First: padding to the maximum length means that layers (such as recurrent layers) need to evaluate every example as though its length is the longest sequence length, resulting in potentially significant wasted computation. This is particularly serious for training on sequences of very different lengths.

Second: adding padding changes the learning problem, as the net now needs to learn how to ignore the padding. For problems such as language translation, a special padding token is often used, further changing the learning problem.

MXNet (and TensorFlow) partially deal with both problems via bucketing: they group examples of similar length together, before padding them. Then very little computation is wasted per batch. It also minimizes the amount of padding the net must learn to ignore, although the padding values are still treated as part of the learning problem.
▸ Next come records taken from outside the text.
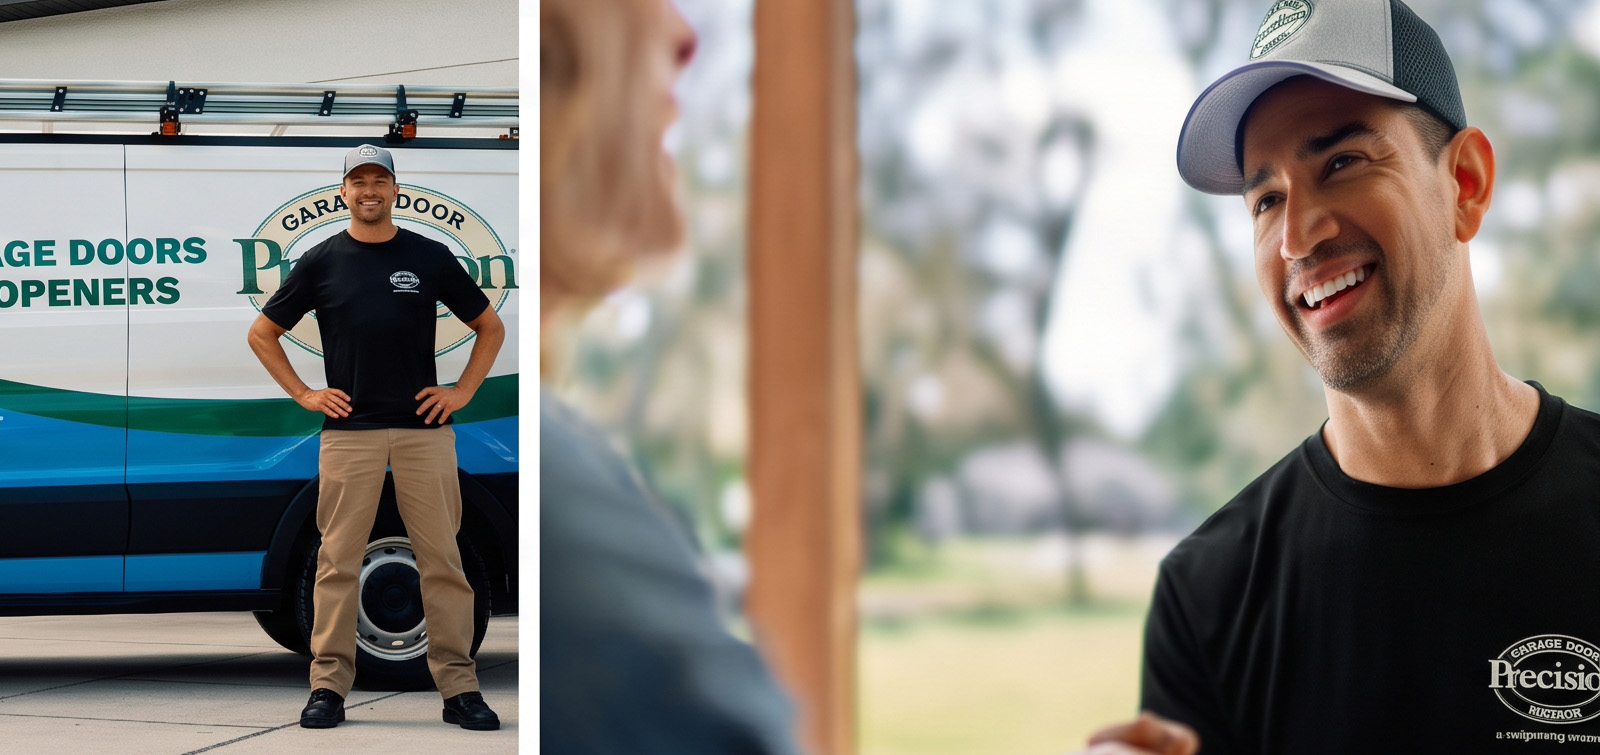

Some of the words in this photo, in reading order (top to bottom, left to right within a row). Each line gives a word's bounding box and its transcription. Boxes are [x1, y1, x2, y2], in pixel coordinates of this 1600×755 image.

[281, 194, 349, 232] GARA
[394, 193, 466, 230] DOOR
[69, 236, 208, 266] DOORS
[1566, 641, 1600, 661] DOOR
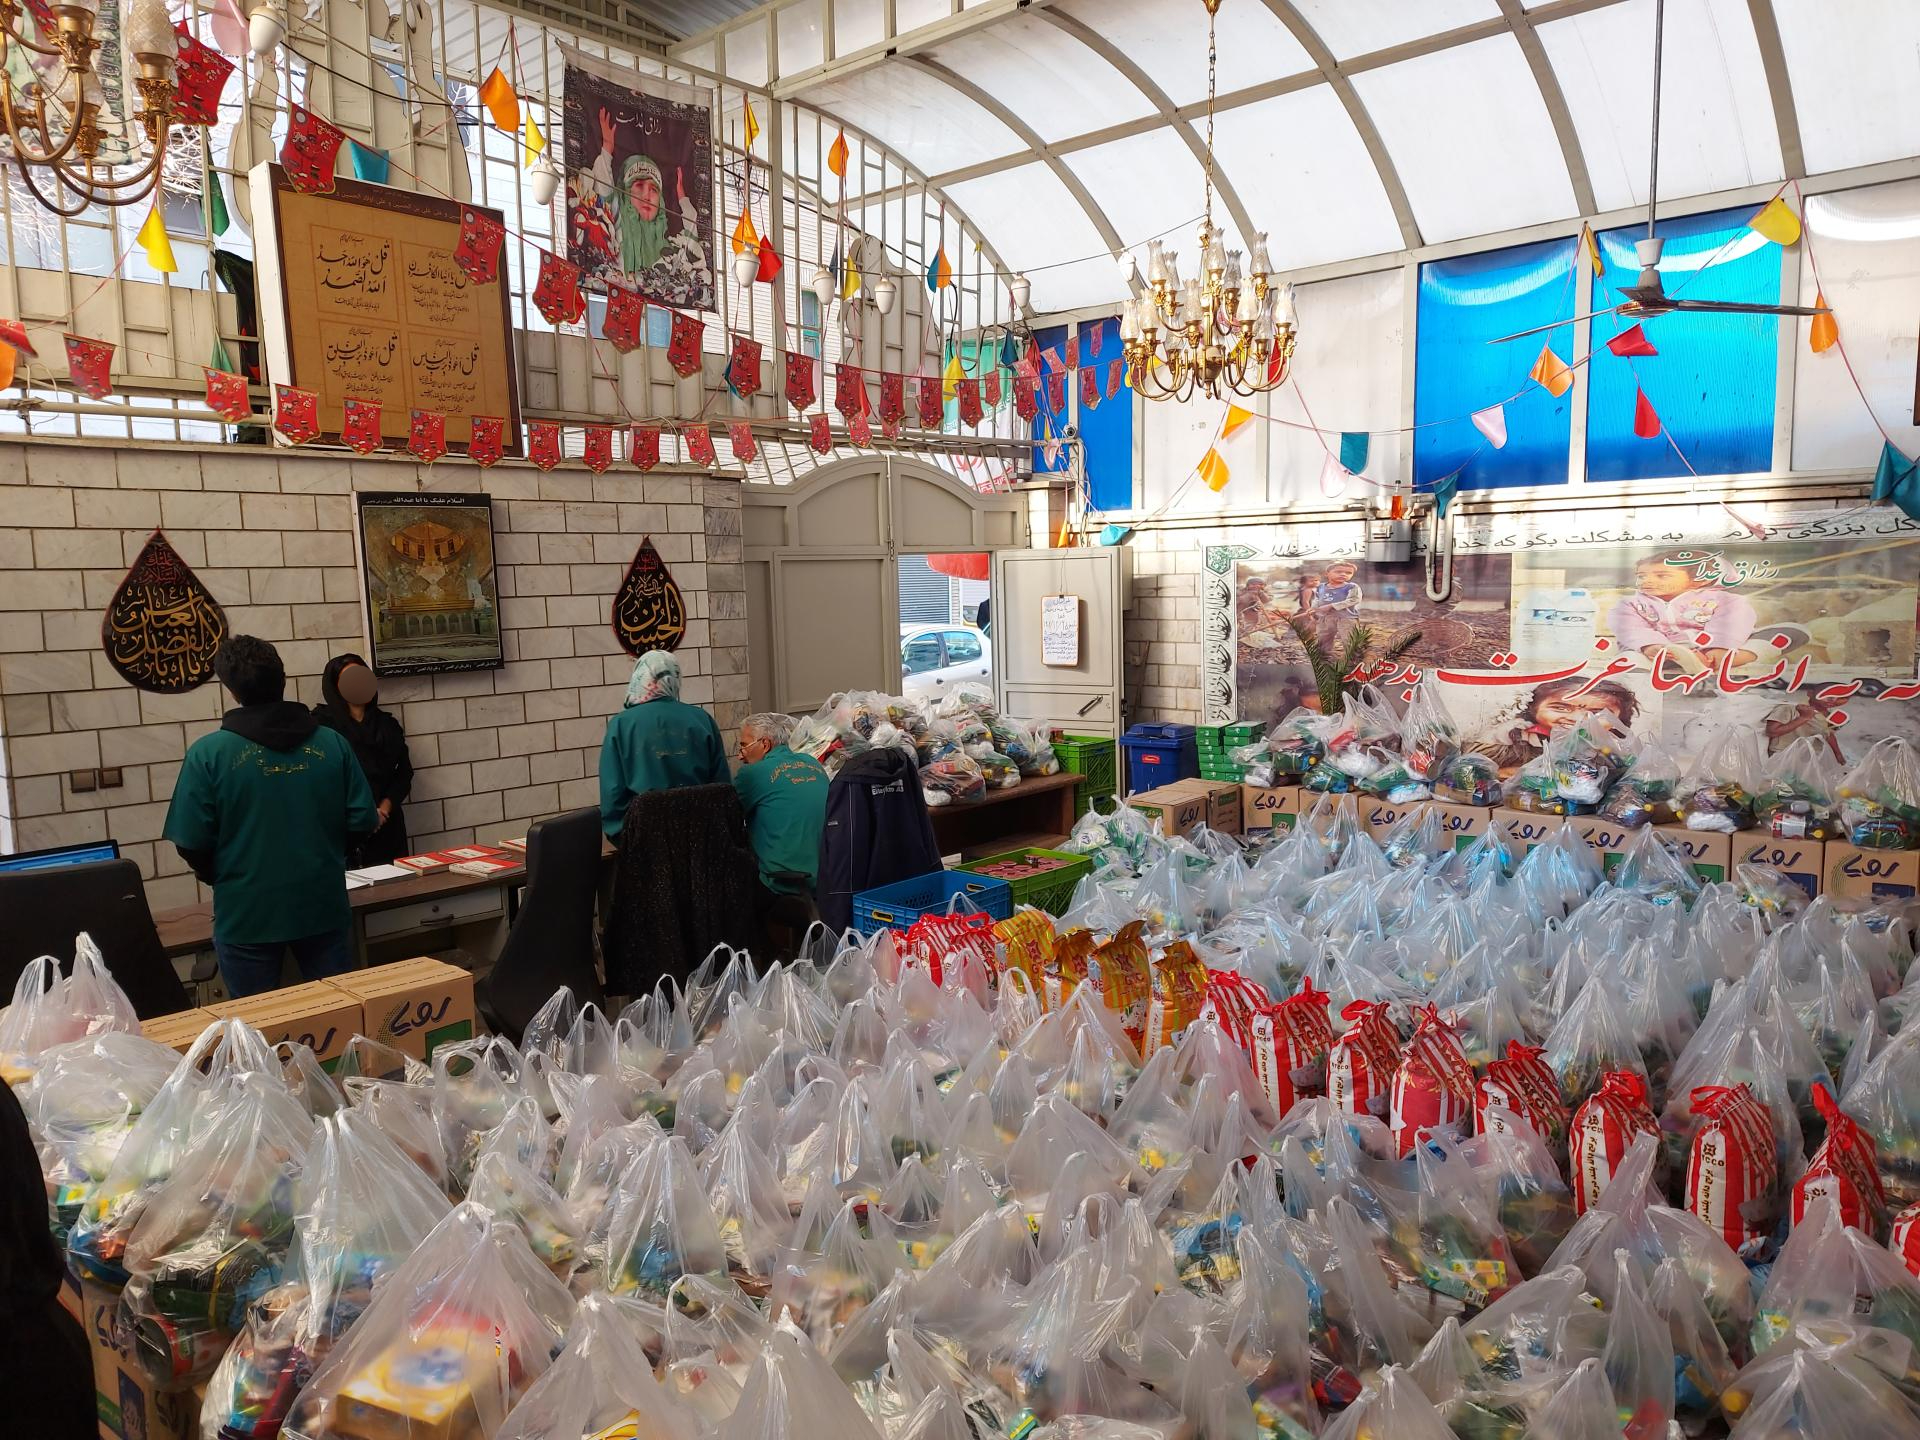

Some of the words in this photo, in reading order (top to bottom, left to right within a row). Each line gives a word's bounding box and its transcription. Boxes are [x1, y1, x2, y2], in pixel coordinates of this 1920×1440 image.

Note that this is done irrespective of whether so-called “static” or “dynamic” graphs are used.

There are other approaches that allow variable-length sequences to be processed in batches, such as by collapsing the sequence and batch dimensions entirely and “packing” the sequences one after another. But these have their own drawbacks.

In the Wolfram Language neural net framework, we completely automate the bucketing process (both for training and for evaluation on large sets of inputs). In addition, we completely remove any notion of padding from the learning problem. To illustrate this, we will first show an example of training a net on variable-length inputs in the Wolfram Language neural net framework, and then explain how this is implemented in terms of MXNet operations.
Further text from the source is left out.